The United States Marine Corps' Judge Advocate Division serves both to advise the Commandant of the Marine Corps (CMC) and other officials in Headquarters, Marine Corps on legal matters, and to oversee the Marine Corps legal community. The head of the Judge Advocate Division (JAD) is the Staff Judge Advocate to the Commandant (SJA to CMC).

Judge advocates (JAs) in the Marine Corps work under the supervision of the SJA to the CMC to advise Marine commanders regarding legal issues including the laws of war, and handling of criminal cases under the Uniform Code of Military Justice (UCMJ). Marine Corps lawyers are line officers, unlike their counterparts in the United States Navy and Army, which means they can fill any officer billet in the Fleet Marine Force.

==Organization==
The SJA to CMC has three deputies.

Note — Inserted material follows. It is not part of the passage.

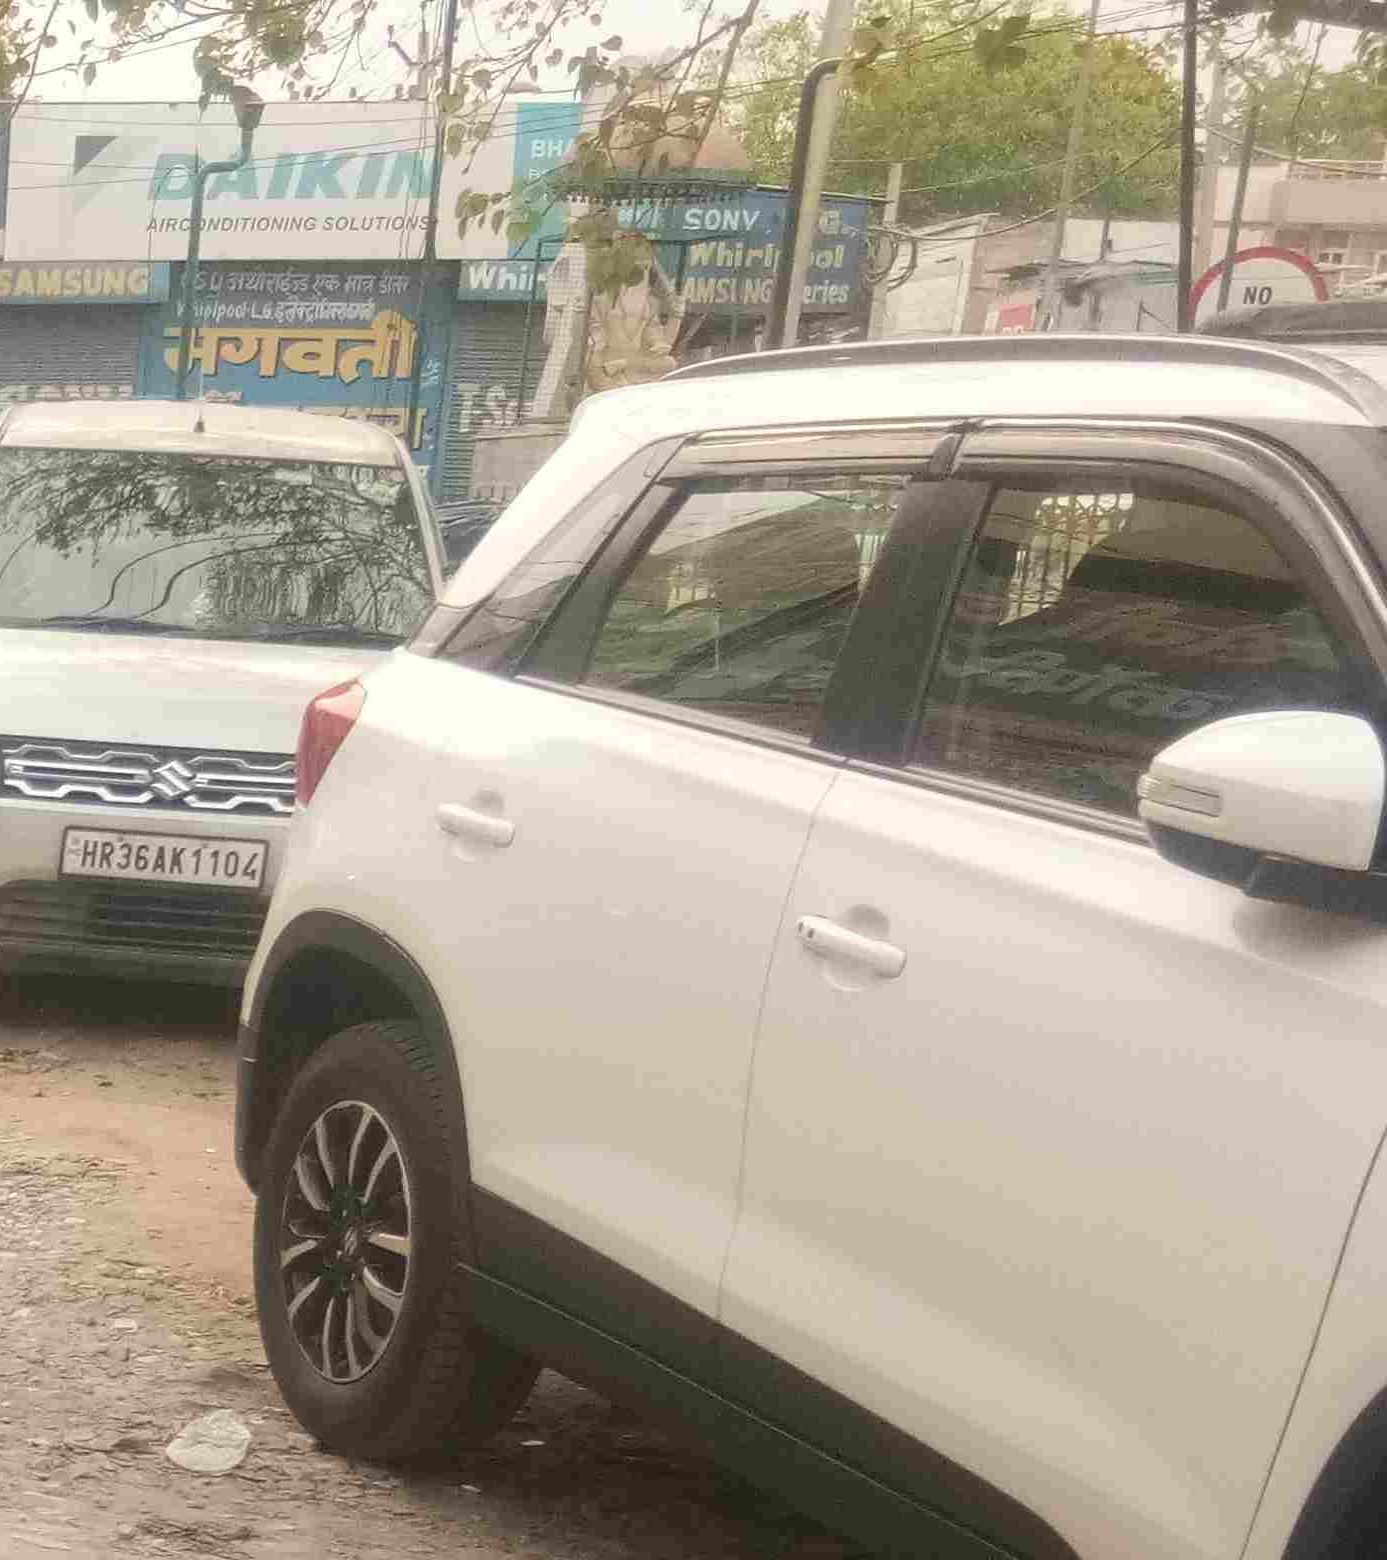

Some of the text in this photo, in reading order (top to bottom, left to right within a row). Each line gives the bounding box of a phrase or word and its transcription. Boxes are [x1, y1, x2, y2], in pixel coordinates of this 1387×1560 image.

One serves as Deputy SJA and Deputy Director of JAD for HQMC Legal Support. Another serves as Deputy Director of JAD for Military Justice and Community Development. The third serves as Deputy Director of JAD for Reserve Legal Support. JAD is divided into seven branches that fall under two of the three deputies:

- Deputy SJA and Deputy Director, JAD, HQMC Legal Support
  - JAA – Administrative Support: manages the internal administrative requirements of JAD
  - JCA – Civil and Administrative Law: legal review and guidance on civil and most administrative law matters, including professional responsibility
  - JPL – Military Personnel Law: full range of military personnel law matters
  - JAO – International and Operational Law: full range of international and operational law matters
- Deputy Director, JAD, Military Justice and Community Development
  - JMJ – Military Law: advice on military justice policy and legislation, and advising and assisting trial counsel in the field
  - JCD – Community Development, Strategy, and Plans: long-term strategic planning, writing and managing legal community doctrine, strategic communications, coordination of judge advocate manpower requirements and assignments, and overall coordination of IT support for legal community
  - JLA – Legal Assistance: administers Marine Corps legal assistance program under 10 U.S.C. § 1044
- Deputy Director, JAD, Reserve Legal Support – oversees the provision of Reserve legal support to the Marine Corps and heads the JAD Individual Mobilization Augmentee (IMA) Detachment

The SJA to CMC also exercises functional supervision over two independent legal organizations within the Marine Corps:
- DSO – Defense Services Organization: headed by the Chief Defense Counsel of the Marine Corps, the DSO provides defense counsel services to Marines worldwide
- VLCO – Victims' Legal Counsel Organization: headed by the Officer in Charge, the VLCO provides certain legal services to eligible victims of crime

==Staff Judge Advocates to the Commandant==
The list of SJAs to the CMC includes:

- Colonel Charles B. Sevier;	1966–1968
- Colonel Marion G. Truesdale; 1968–1969
- Brigadier General Duane L. Faw; 1969–1971
- Brigadier General Clyde R. Mann; 1971–1973
- Brigadier General John R. De Barr; 1973–1976
- Brigadier General Robert J. Chadwick; 1976–1978
- Brigadier General James P. King; 1978–1980
- Brigadier General William H. J. Tiernan; 1980–1983
- Brigadier General Walter J. Donovan; 1983–1985
- Brigadier General David M. Brahms; 1985–1988
- Brigadier General Michael E. Rich; 1988–1990
- Brigadier General Gerald L. Miller; 1990–1993
- Brigadier General Michael C. Wholley; 1993–1996
- Brigadier General Theodore G. Hess; 1996–1999
- Brigadier General Joseph Composto; 1999–2001
- Brigadier General Kevin M. Sandkuhler; 2001–2006
- Brigadier General James C. Walker; 2006–2009
- Major General Vaughn Ary; 2009–2014
- Major General John R. Ewers; 2014–2018
- Major General Daniel J. Lecce; 2018–2021
- Major General David J. Bligh; 2021–2025
- Major General Christopher Tolar; 2025-Present

==Marine Corps judge advocates==
Marine Corps judge advocates, or JAs, are licensed attorneys who are also commissioned officers in the Marine Corps. Each JA goes through the same initial training as any other Marine officer.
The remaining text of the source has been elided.